Another potentially interesting focus would be to examine the way some of R2P’s proponents became mouthpieces for certain state interests. There have been some notable examples of R2P’s usually vocal champions remaining curiously silent in the face of atrocities committed by Western states and their allies – I have previously highlighted this in the case of Israel (Hehir Citation2014) and Bahrain (Hehir Citation2015a) – and there have long been suspicions raised about the funding many R2P organisations receive from states and its impact on their advocacy; the most notable example being the Global Centre for R2P and its fulsome embrace of Qatar (Hehir Citation2019, 196; Kolmasova Citation2023, 89).

Finally, I have long argued that R2P has served as something akin to a black hole within academia; those engaged in research on atrocity prevention and/or humanitarian intervention were invariably sucked into the R2P debate and its strict parameters. This has prevented potentially fruitful academic studies. As noted earlier, research on R2P has ignored discussions on the need to change international law and specifically UN reform; this was invariably dismissed as ‘utopian’ and so further research on this was essentially precluded within the R2P framework (Hehir Citation2017). R2P would – its proponents suggested – avoid this vexed issue and still change the behaviour of states, and so discussions relating to deficiencies within international law and the institutions mandated to enforce it were supposedly irrelevant.
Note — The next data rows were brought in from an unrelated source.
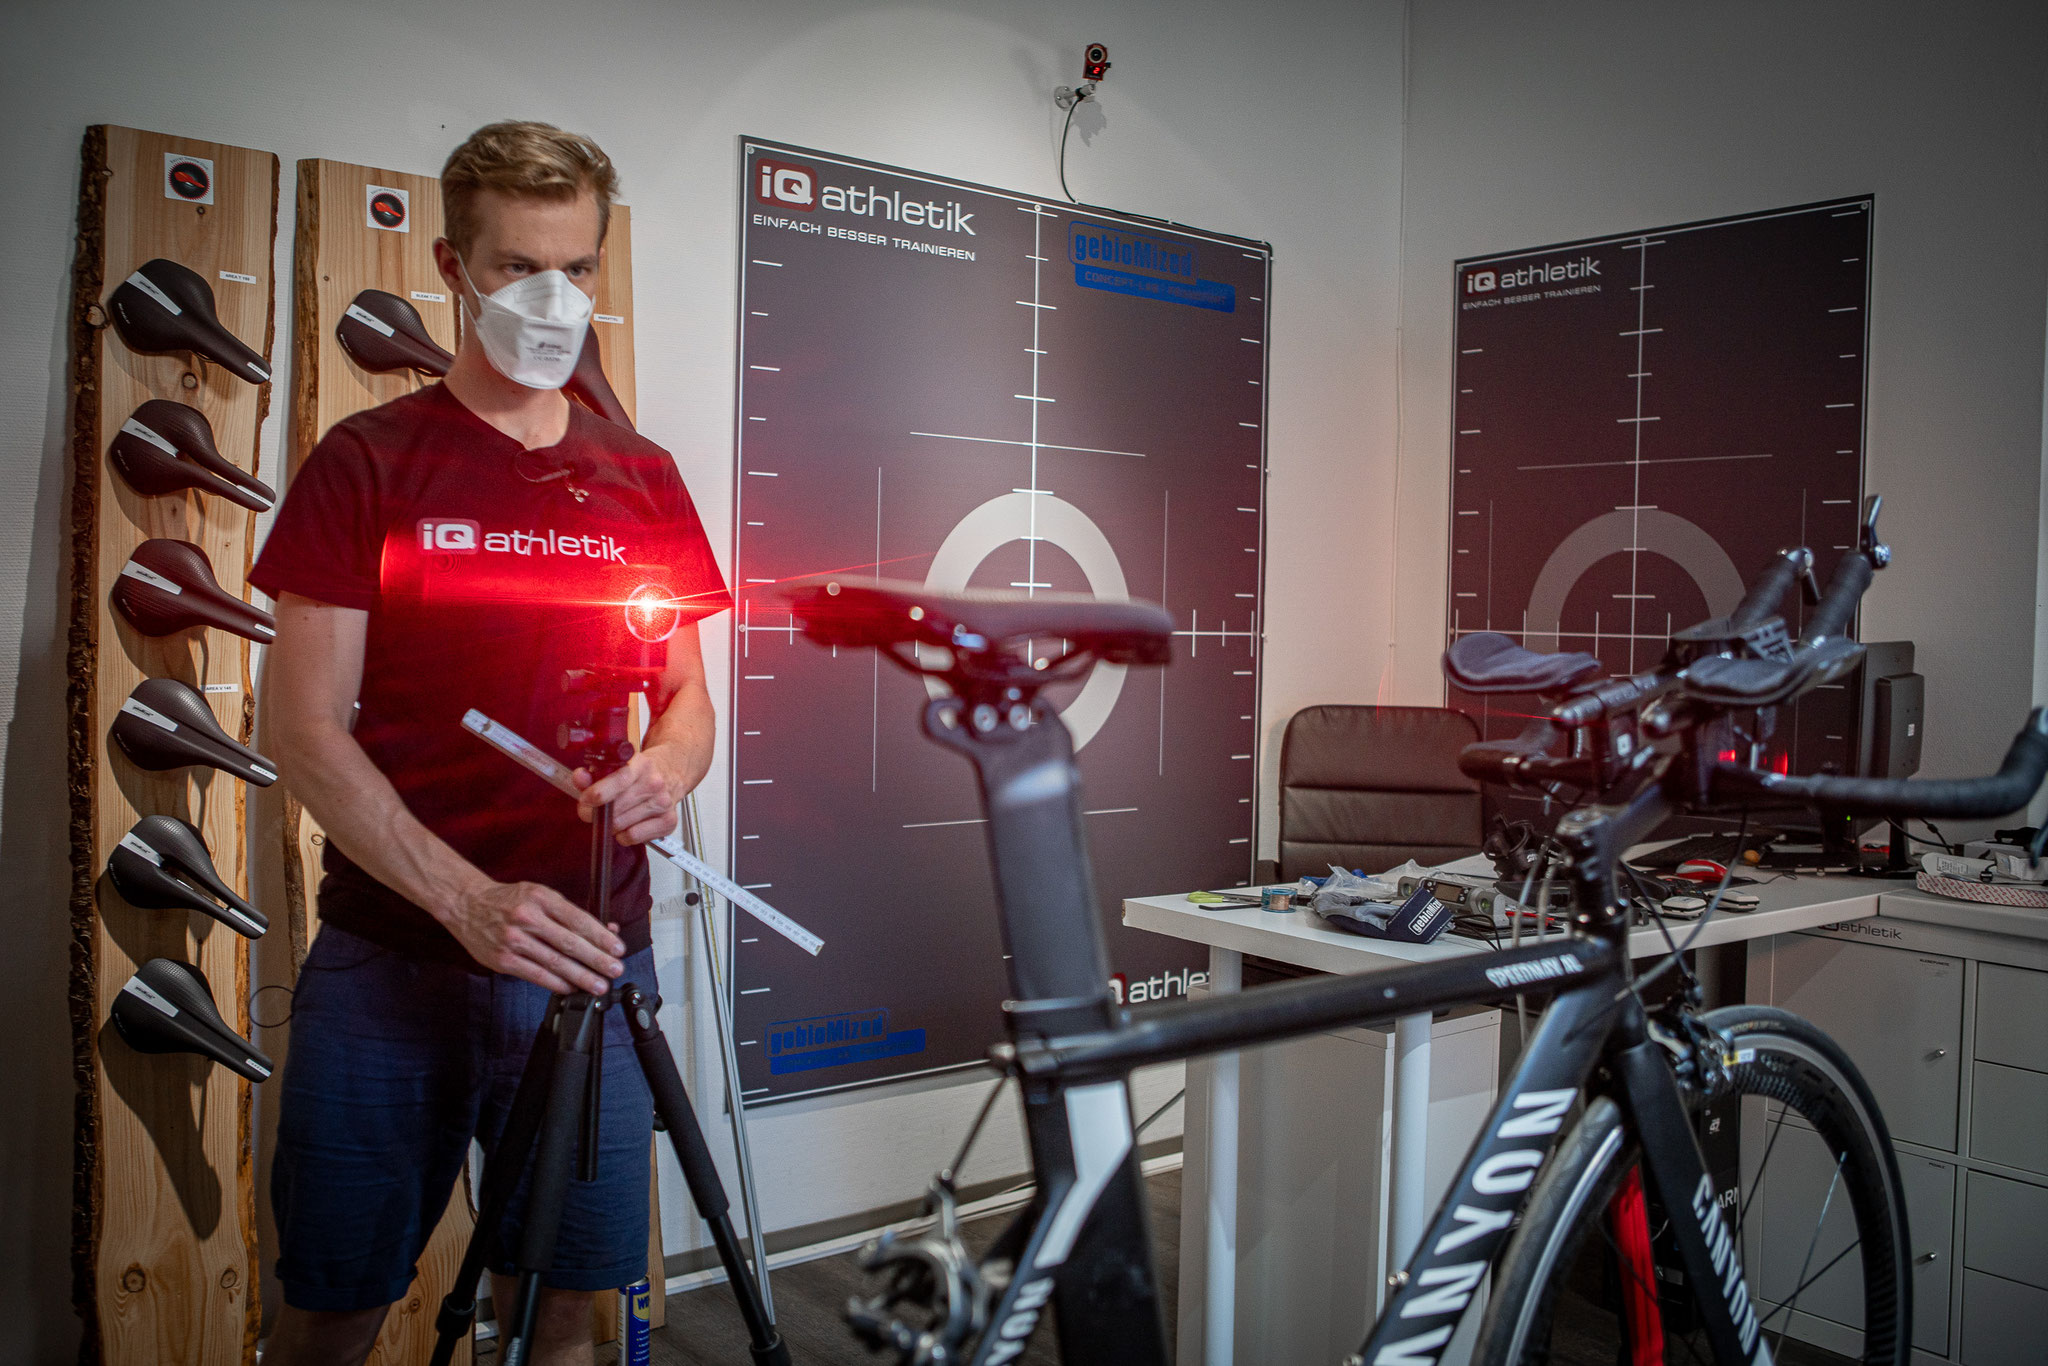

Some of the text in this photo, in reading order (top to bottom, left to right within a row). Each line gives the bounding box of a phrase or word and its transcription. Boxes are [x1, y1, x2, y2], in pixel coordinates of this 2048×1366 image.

[761, 165, 976, 236] iQ athletik
[752, 213, 976, 261] EINFACH BESSER TRAINIEREN
[1074, 233, 1192, 277] gebioMized
[1466, 255, 1602, 294] iQ athletik
[1462, 284, 1602, 311] EINFACH BESSER TRAINIEREN
[422, 522, 628, 566] iQ athletik
[1839, 922, 1903, 941] athletik
[1128, 966, 1210, 1004] athle
[1373, 1088, 1579, 1366] ANYON
[1691, 1172, 1760, 1357] CANYON
Clearly this belief in the efficacy of moral suasion has proved to be mistaken; as such, the issue of what a more responsive international legal system would look like and how it might best work, is surely relevant, if not imperative. Long before R2P came to monopolise the debate, myriad proposals were advanced and hopefully the failure of R2P will induce not despair, but a new appetite to explore this further as many have suggested (Bachman Citation2022, 135). As such, the abject failure of R2P should be recognised, but it should not be taken to mean that we should abandon all efforts to improve the international response to intra-state mass atrocity crimes.

Disclosure statement

No potential conflict of interest was reported by the author(s).

Additional information

Notes on contributors

Aidan Hehir

Aidan Hehir is a Reader in International Relations at the University of Westminster. His research interests include transitional justice, humanitarian intervention, and statebuilding in Kosovo. He is the author/editor of eleven books; his most recent book – Hollow Norms and The Responsibility to Protect (Palgrave Macmillan) – won the 2019 British International Studies Association ‘Working Group on Intervention and R2P’ book prize. He has published over fifty academic book chapters and journal articles; his work has been published in International Security, The Journal of Peace Research, Ethics and International Affairs, and Cooperation and Conflict. He is co-editor of the Routledge Intervention and Statebuilding book series and is a regular contributor to national and international television and radio.

Notes

1 There were some notable exceptions; amongst the most vocal proponents of R2P, Jennifer Welsh, Thomas Weiss and Luke Glanville stood out as being willing to debate.